The best time to visit Spain depends largely on your preferences and the type of activities you have planned. If you want to discover major cities like Madrid or Barcelona, the best time would be spring or autumn, when temperatures are more welcoming. In general, winter is cold but not freezing while summer can be very hot in many regions.
Madrid is also known for its Museums, Music, and Beautiful Nightlife
The museums are something else as well. As you explore the city you will be amazed at the number of museums they have here and how many of them are dedicated to modern art. Some of the most famous ones include Museo Nacional Centro de Arte Reina Sofia, Museo Thyssen-Bornemisza, Museo Sorolla and the Prado Museum.
It’s not just the museums that are worth exploring in Madrid though, because it is also a city that is known for its music scene. There are some fabulous jazz cafes where you can hang out and enjoy some great music (remember to pay attention to signs or posters outside cafes or bars as this is often where musicians advertise their shows). If it’s nightclubs you’re looking for then head on over to Calle de las Huertas where all the action takes place!
- Many areas around Madrid are experiencing restoration projects where you can see Moorish castles and even Roman ruins.
- Madrid has a history as rich and interesting as any European city.
- The capital is full of historical buildings and museums, including the Museo del Prado.
- Here you can see the works of famous Spanish artists such as Goya, Velazquez, and El Greco.
- Outside of Madrid, there are ancient Moorish castles to be explored and even Roman ruins in Toledo (which is only an hour away by train).

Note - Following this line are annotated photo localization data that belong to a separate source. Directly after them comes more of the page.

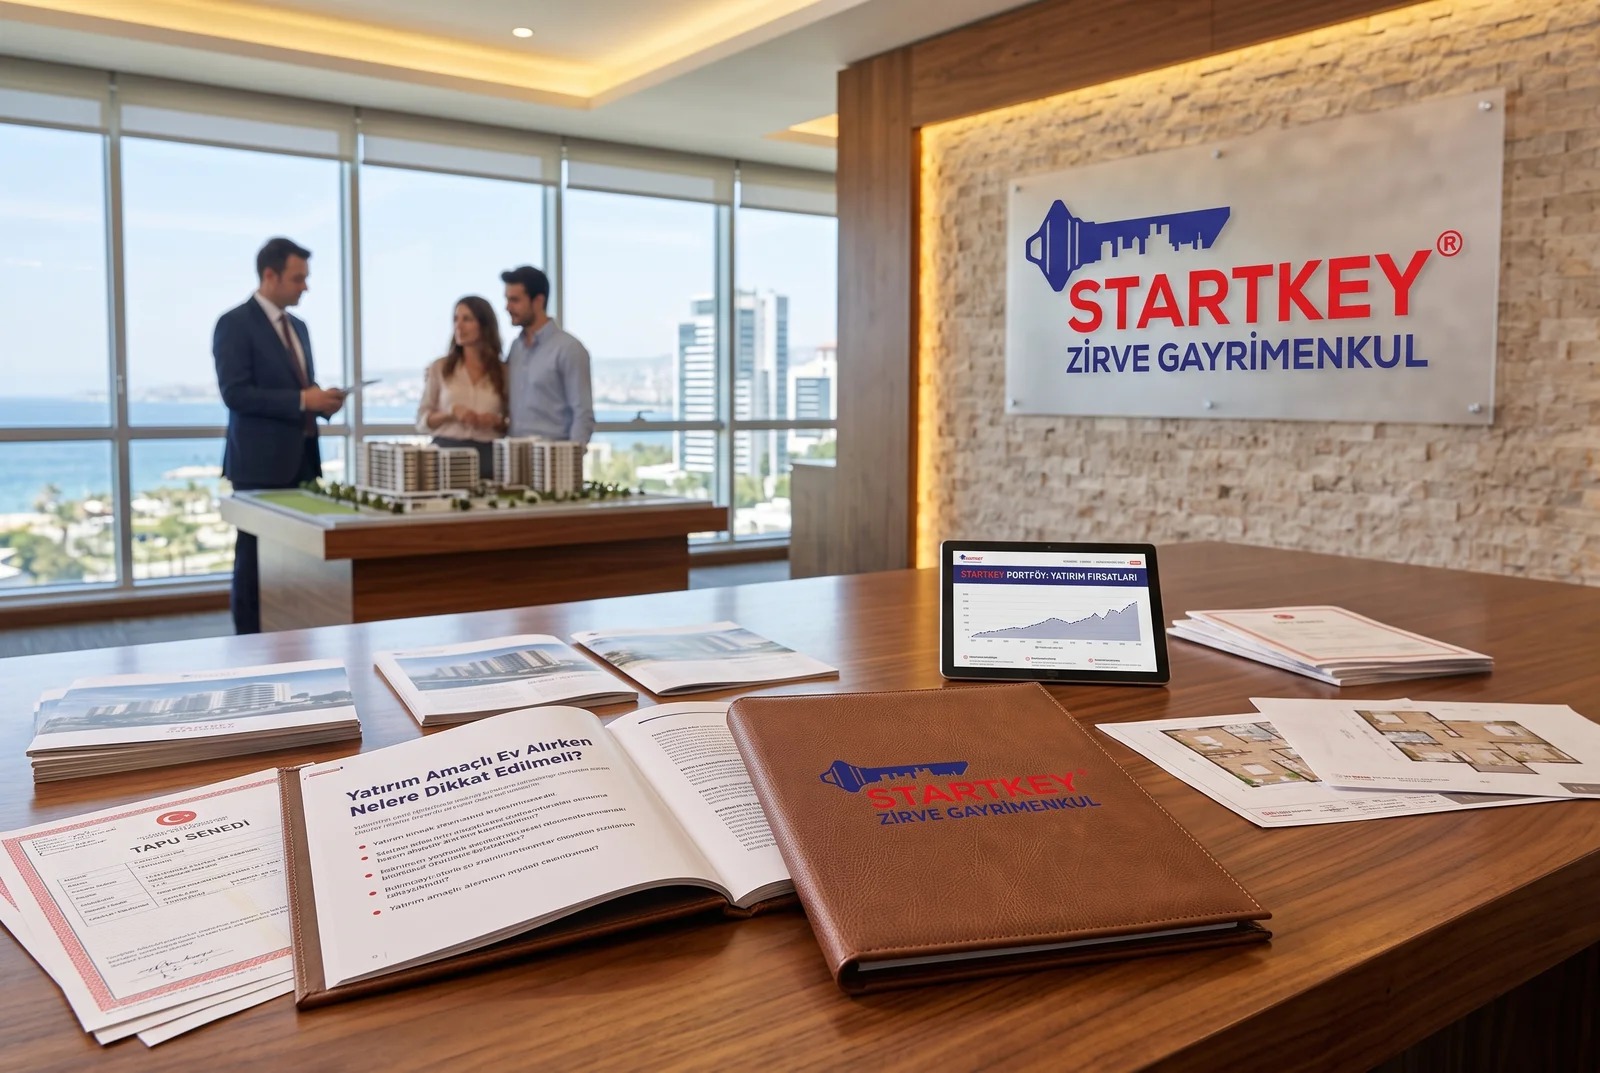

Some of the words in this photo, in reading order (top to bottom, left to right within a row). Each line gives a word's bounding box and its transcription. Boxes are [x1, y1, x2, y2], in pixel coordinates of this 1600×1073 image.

[1067, 249, 1432, 333] STARTKEY
[1066, 338, 1149, 374] ZİRVE
[1157, 330, 1428, 373] GAYRİMENKUL
[961, 570, 1005, 579] STARTKEY
[1006, 569, 1049, 580] PORTFÖY:
[1050, 571, 1086, 580] YATIRIM
[1087, 572, 1138, 582] FIRSATLARI
[346, 776, 421, 802] Yatırım
[426, 756, 493, 782] Amaçlı
[497, 749, 520, 763] Ev
[527, 738, 593, 755] Alırken
[350, 792, 419, 818] Nelere
[424, 771, 491, 798] Dikkat
[494, 750, 582, 778] Edilmeli?
[867, 772, 1076, 809] STARTKEY
[876, 809, 944, 826] ZİRVE
[946, 795, 1102, 819] GAYRİMENKUL
[129, 837, 181, 854] TAPU
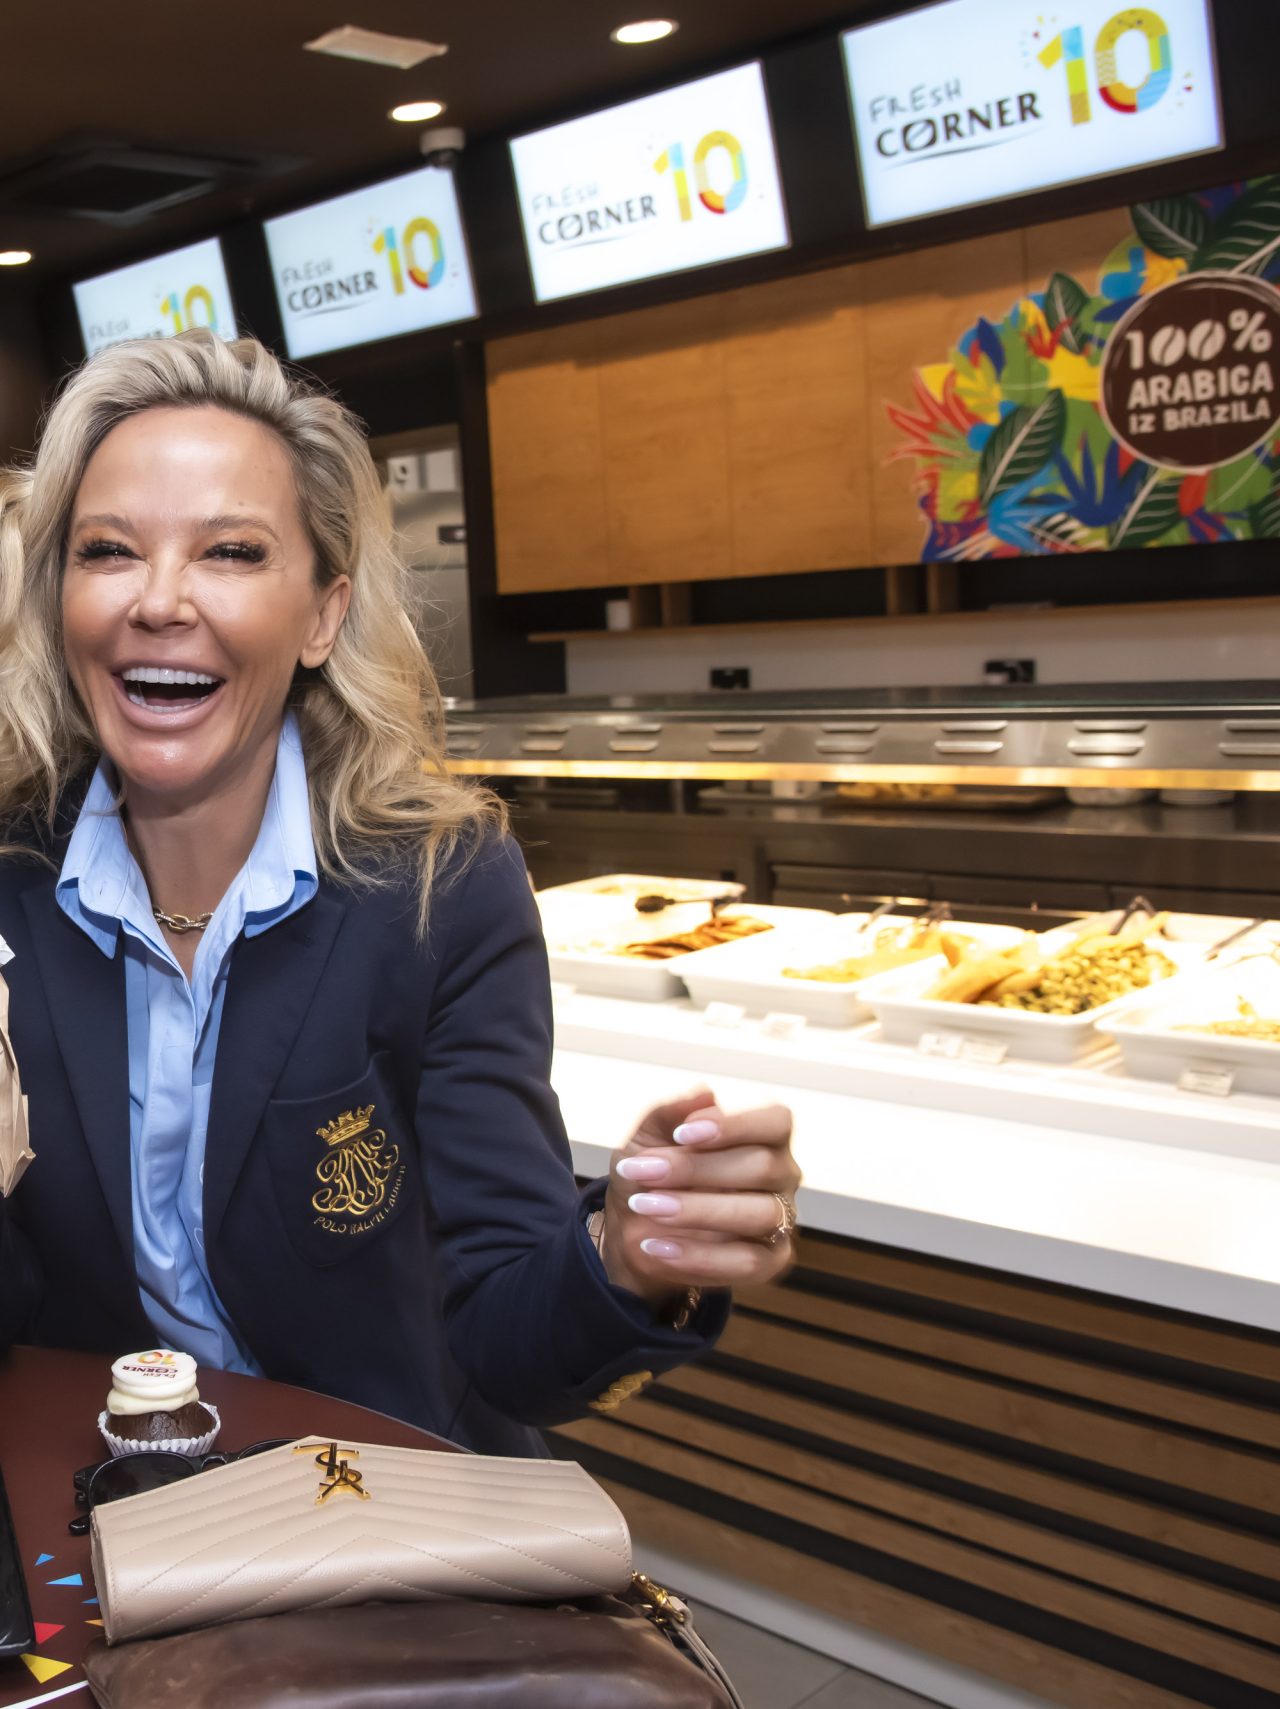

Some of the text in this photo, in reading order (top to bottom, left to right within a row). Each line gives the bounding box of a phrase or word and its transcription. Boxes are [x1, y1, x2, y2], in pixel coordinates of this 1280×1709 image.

[1037, 7, 1172, 126] 10
[870, 78, 962, 123] FRESH
[876, 92, 1042, 157] CORNER
[652, 130, 748, 222] 10
[538, 195, 656, 244] CORNER
[372, 216, 445, 296] 10
[287, 271, 378, 312] CORNER
[1125, 309, 1272, 370] 100%
[1127, 361, 1274, 409] ARABICA
[1129, 397, 1271, 435] IZ BRAZILA
[313, 1216, 347, 1233] POLO

Hard to See Everything Madrid has to Offer in Just One Trip
Madrid is an amazing first stop in Spain, but the country’s variety means that you should spread your visit out and explore the rest of its cities. Do not miss Barcelona and its equally culturally rich museums, galleries, and architecture. Then head to one of the country’s southern cities to experience a more relaxed vibe. The countryside is also stunning – try not to spend all your time in large cities
You Must Visit Spain Once Before You Die
The country of Spain is a vibrant and welcoming place that has something for everyone. If you’re the adventurous type, there are mountain ranges to hike and beaches to explore. For those who prefer to relax, the climate is comfortable year-round and the food is incredible. The museums in Madrid will keep you busy for days on end; do not miss the Prado Museum, with its collection of works by Goya, Velázquez, El Greco, and Hieronymous Bosch.

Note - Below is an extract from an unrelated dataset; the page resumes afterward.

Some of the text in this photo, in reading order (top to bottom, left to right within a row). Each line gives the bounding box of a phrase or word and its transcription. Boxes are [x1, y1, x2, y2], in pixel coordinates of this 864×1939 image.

If you like history and old buildings, visit Alcázar de Segovia (a castle built by Moors) or the Roman ruins at Itálica near Seville (where Trajan was born). You’ll run into many landmarks while exploring the cities and countryside: cathedrals constructed during a variety of architectural styles; 17th-century public fountains; 18th-century palaces in breathtaking cities like Granada; stately Palladian-inspired villas; Romanesque churches.
You can easily spend a week or more in Madrid it self and that’s only one region of Spain! so it’s best to plan your trip around what you don’t want to miss. If museums are important but nightlife is not so much (or vice versa), focus your trip around that choice.